Common complicating conditions by delivery method and payer, 2011
Table 3 provides the rate per 1,000 deliveries for the 10 most common complicating conditions associated with childbirth stays by payer and delivery method. Conditions are sorted by frequency for patients covered by Medicaid. (Detailed tables on complicating conditions by payer and delivery type are provided in the Appendix.)


Table 3. Rates of the 10 most common complicating conditions by delivery method and payer, 2011
Medicaid Private insurance
Rank Complicating condition Rate per 1,000 discharges Rank Complicating condition Rate per 1,000 discharges
Vaginal deliveries
1 First-degree perineal laceration 232 2 First-degree perineal laceration 241
2 Second-degree perineal laceration 178 1 Second-degree perineal laceration 314
3 Anemia 127 5 Anemia 73
4 Post-term pregnancy 127 3 Post-term pregnancy 130
5 Abnormality in fetal heart rate or rhythm 122 4 Abnormality in fetal heart rate or rhythm 120
6 Preeclampsia 58 6 Preeclampsia 57
7 Mental disorders 51 10 Mental disorders 31
8 Premature rupture of membranes 39 7 Premature rupture of membranes 43
9 Precipitate labor 33      
10 Other immediate postpartum hemorrhage 27      
      8 Thyroid dysfunction 34
      9 Third-degree perineal laceration 32
Cesarean section deliveries
1 Previous cesarean section 488 1 Previous cesarean section 434
2 Abnormality in fetal heart rate or rhythm 202 2 Abnormality in fetal heart rate or rhythm 180
3 Anemia 186 3 Anemia 128
4 Preeclampsia 100 4 Preeclampsia 105
5 Post-term pregnancy 93 7 Post-term pregnancy 91
6 Other malposition and malpresentation 89 5 Other malposition and malpresentation 104
7 Breech 76 6 Breech 94
8 Mental disorders 59      
9 Fetopelvic disproportion 45 9 Fetopelvic disproportion 48
10 Excessive fetal growth 41 8 Excessive fetal growth 58
      10 Thyroid dysfunction 48
Note: Principal and secondary diagnoses were examined.
Source: Agency for Healthcare Research and Quality (AHRQ), Center for Delivery, Organization, and Markets, Healthcare Cost and Utilization Project (HCUP), Nationwide Inpatient Sample (NIS), 2011


  • Mental disorders were more common for childbirth stays covered by Medicaid than private insurance.

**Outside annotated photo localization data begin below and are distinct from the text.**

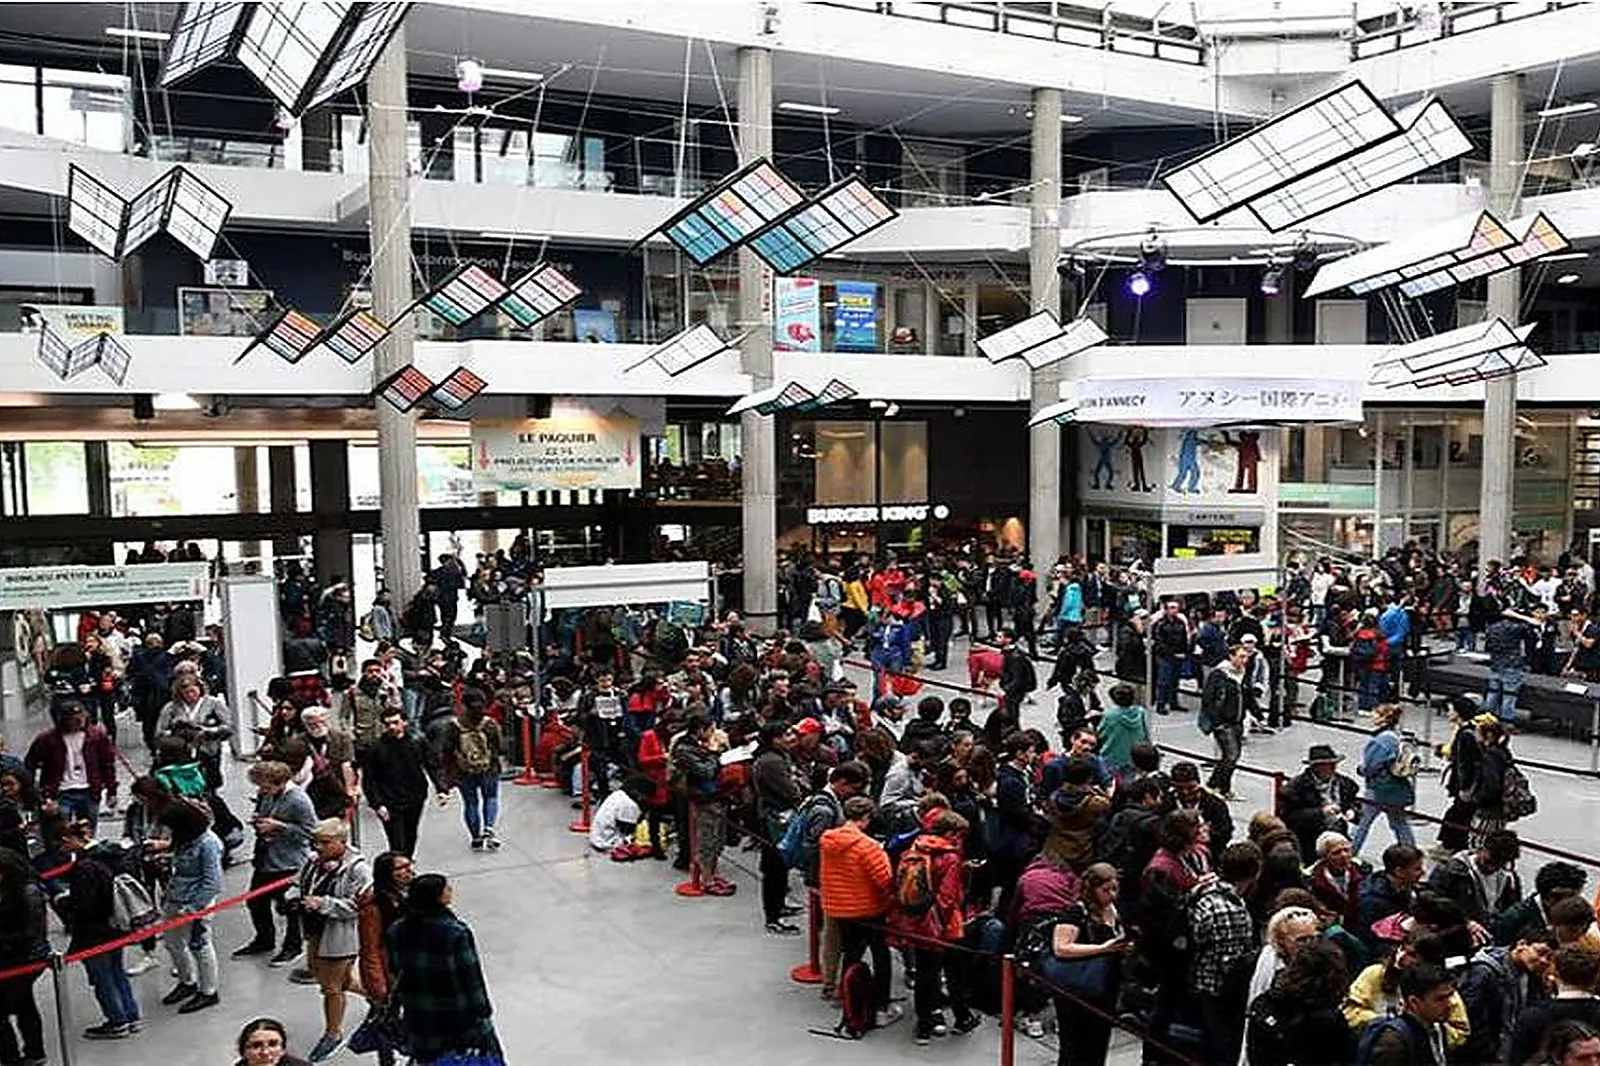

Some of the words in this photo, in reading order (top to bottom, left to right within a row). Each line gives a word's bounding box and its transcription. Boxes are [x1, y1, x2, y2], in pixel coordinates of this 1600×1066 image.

[518, 432, 533, 444] LE
[539, 432, 598, 444] PAQUIER
[807, 507, 879, 524] BURGER
[881, 505, 929, 522] KING
[95, 570, 125, 580] SALLE

    Mental disorders were among the top 10 most common complicating conditions for women covered by Medicaid (51 per 1,000 for vaginal births and 59 per 1,000 for cesarean section deliveries). In contrast, the rates of mental disorders among women with private insurance were 31 and 38 per 1,000 for vaginal and cesarean section deliveries, respectively (shown in Appendix).

  • Anemia was more common for childbirth stays covered by Medicaid than private insurance.

    Rates of anemia were higher for women who were covered by Medicaid than for those with private insurance. Among vaginal delivery stays, anemia occurred in 127 per 1,000 Medicaid-covered discharges versus 73 per 1,000 privately insured discharges. Similarly, among stays for cesarean section deliveries, anemia occurred in 186 per 1,000 discharges covered by Medicaid versus 128 per 1,000 discharges covered by private insurance.


  • For vaginal deliveries, second-degree perineal laceration rates were higher among women with private insurance than among women covered by Medicaid.

    Second-degree perineal laceration occurred at a rate of 314 per 1,000 privately insured discharges versus 178 per 1,000 Medicaid-covered discharges. Moreover, first- and second-degree perineal lacerations were the most common complicating conditions for vaginal deliveries among both payer types.

We also examined differences in prevalence rates among less common complicating conditions (see Appendix). Overall, there were very few differences in the rate of these conditions between Medicaid and private insurance for vaginal or cesarean section deliveries. There were two exceptions: thyroid dysfunction and delayed delivery after artificial rupture of membranes were each three times more common among private-payer discharges than among Medicaid-covered discharges for both types of deliveries.

Propensity for cesarean section delivery comparing payer, by complicating condition, 2011
Figure 2 presents the percent difference in the propensity for having a cesarean section delivery for privately insured versus Medicaid-covered stays by complicating condition.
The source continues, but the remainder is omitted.